» **LISTED ENTRIES**
►

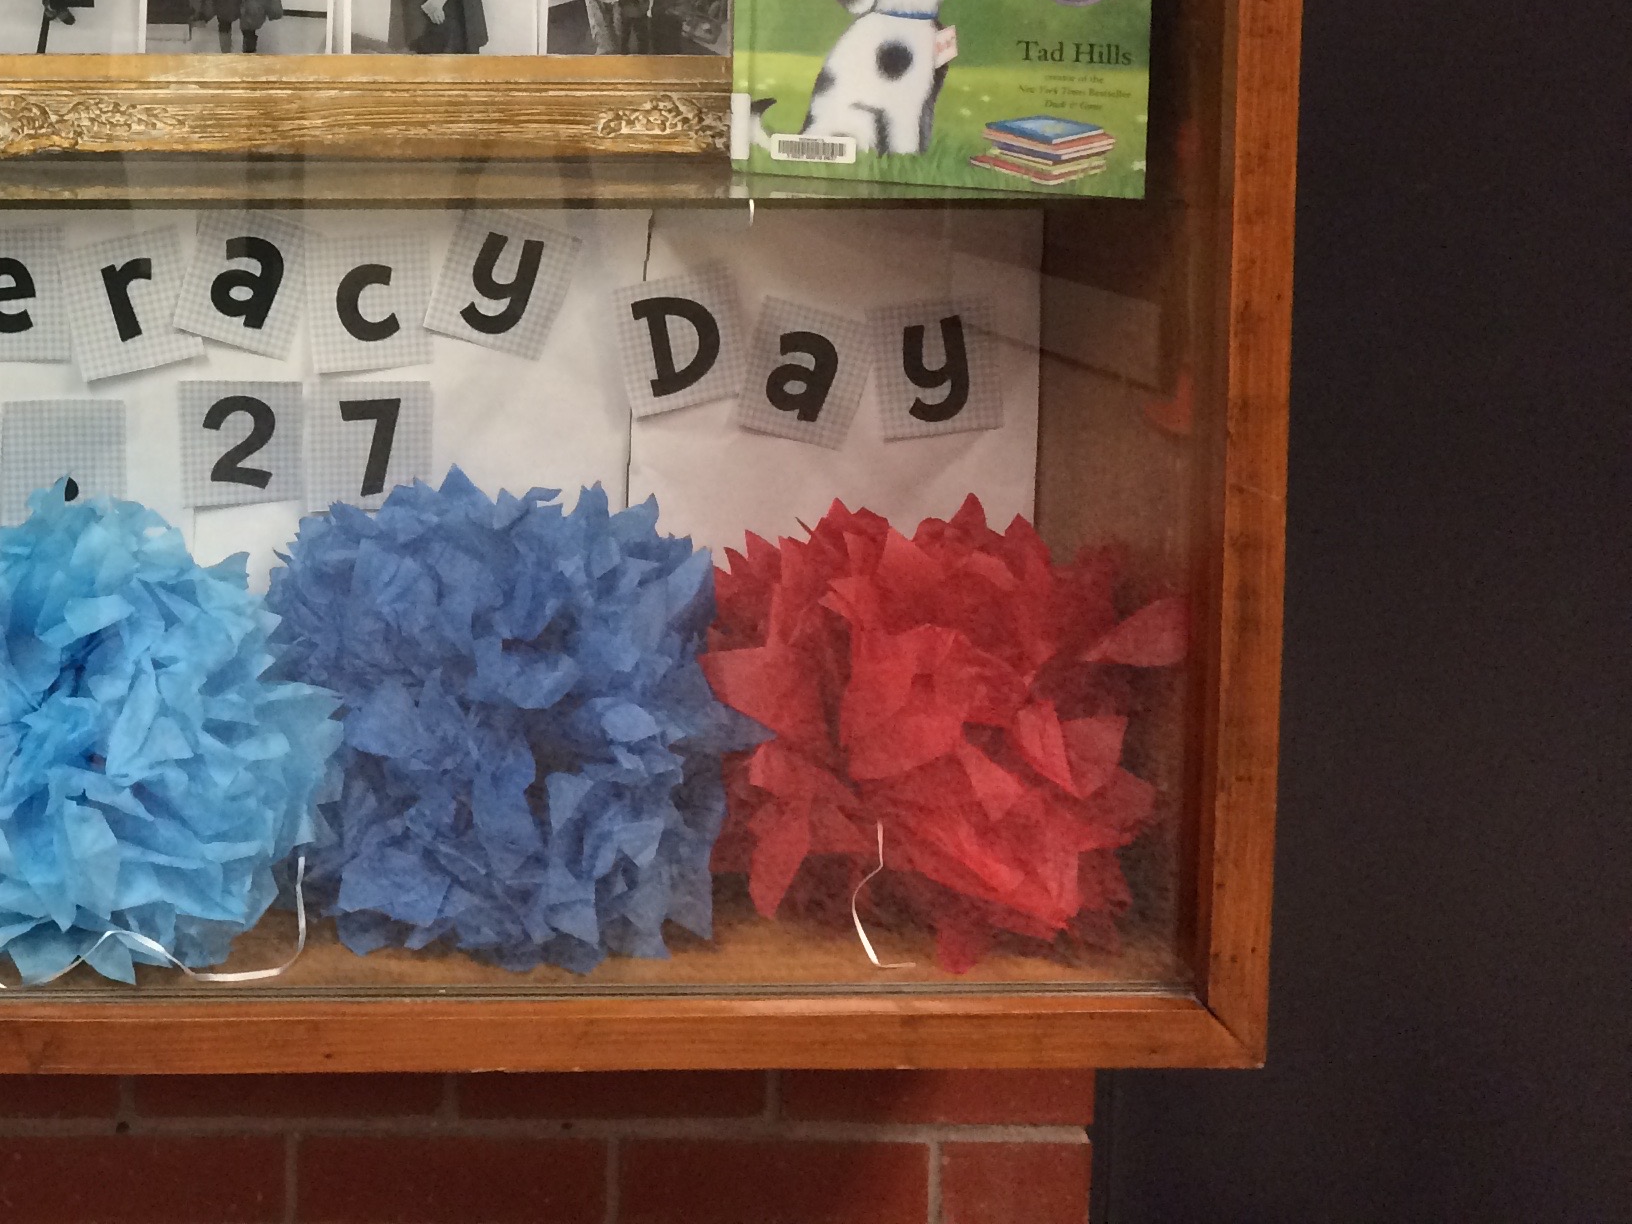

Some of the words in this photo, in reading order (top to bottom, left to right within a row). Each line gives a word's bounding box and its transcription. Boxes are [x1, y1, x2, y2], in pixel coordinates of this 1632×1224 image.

◄
►

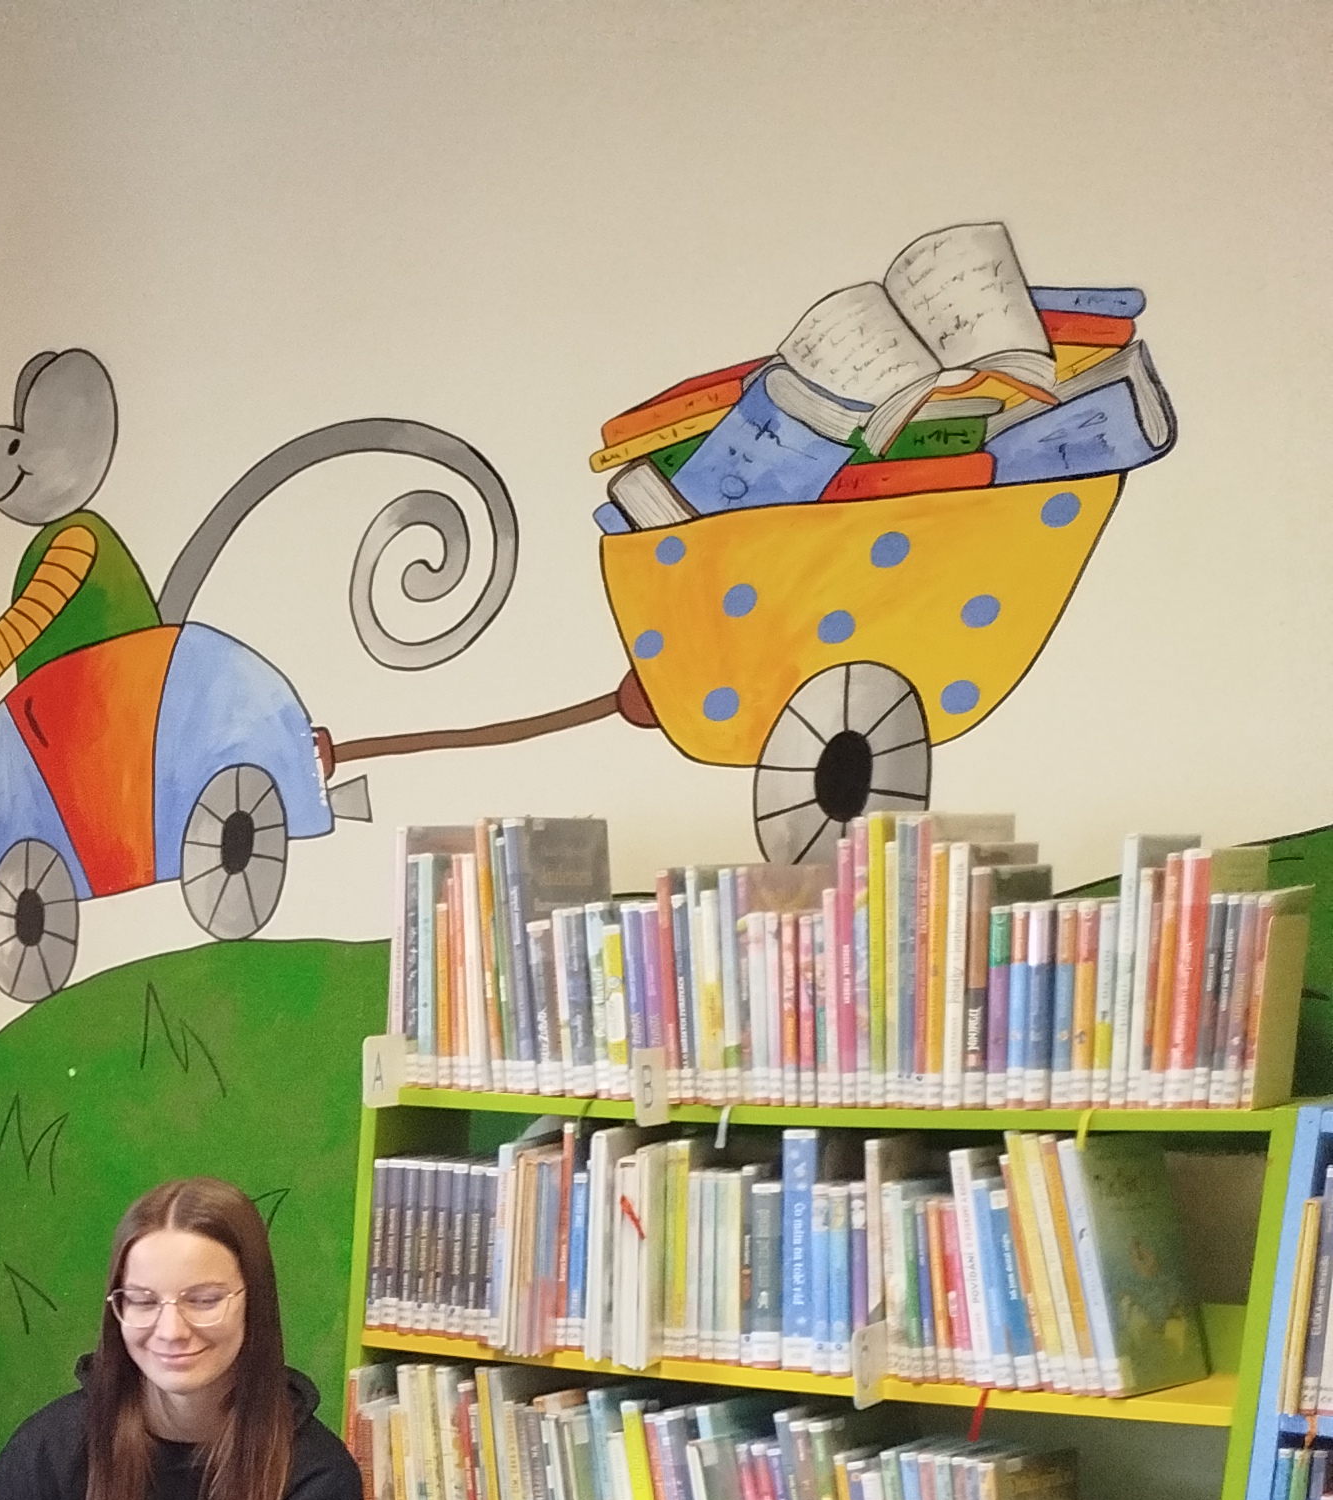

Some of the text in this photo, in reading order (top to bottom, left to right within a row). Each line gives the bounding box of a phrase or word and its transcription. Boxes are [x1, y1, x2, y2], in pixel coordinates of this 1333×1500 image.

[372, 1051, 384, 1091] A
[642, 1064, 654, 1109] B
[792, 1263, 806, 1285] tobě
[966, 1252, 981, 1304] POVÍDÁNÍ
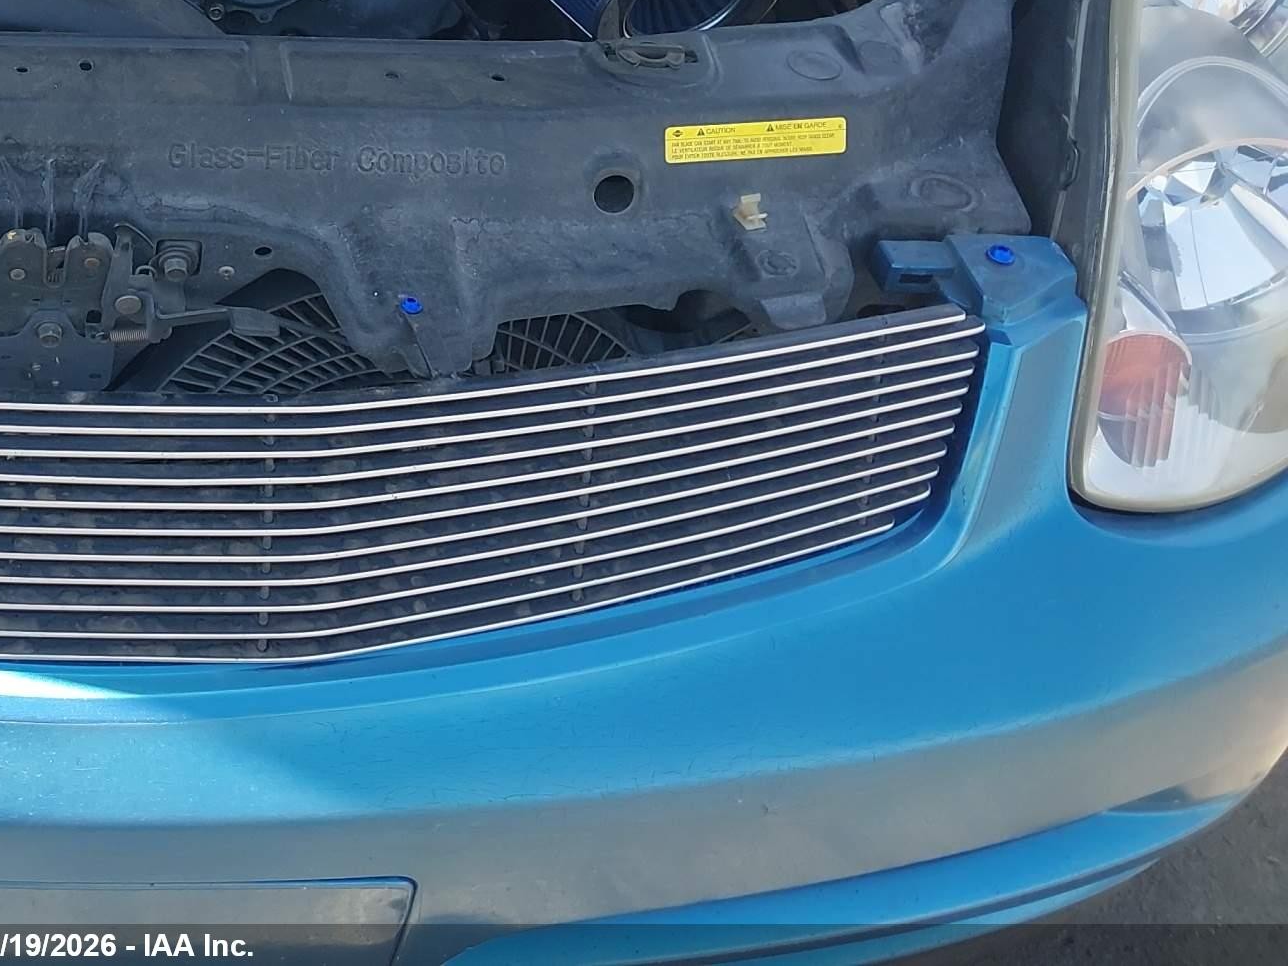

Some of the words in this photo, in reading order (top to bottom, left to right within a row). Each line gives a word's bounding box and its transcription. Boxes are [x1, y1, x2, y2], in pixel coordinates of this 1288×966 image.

◄

» **ACTIVITY**
In the material above, how many lines contain "words"? Reply with only the number.

» **SOLUTION FOR THIS EXERCISE**
2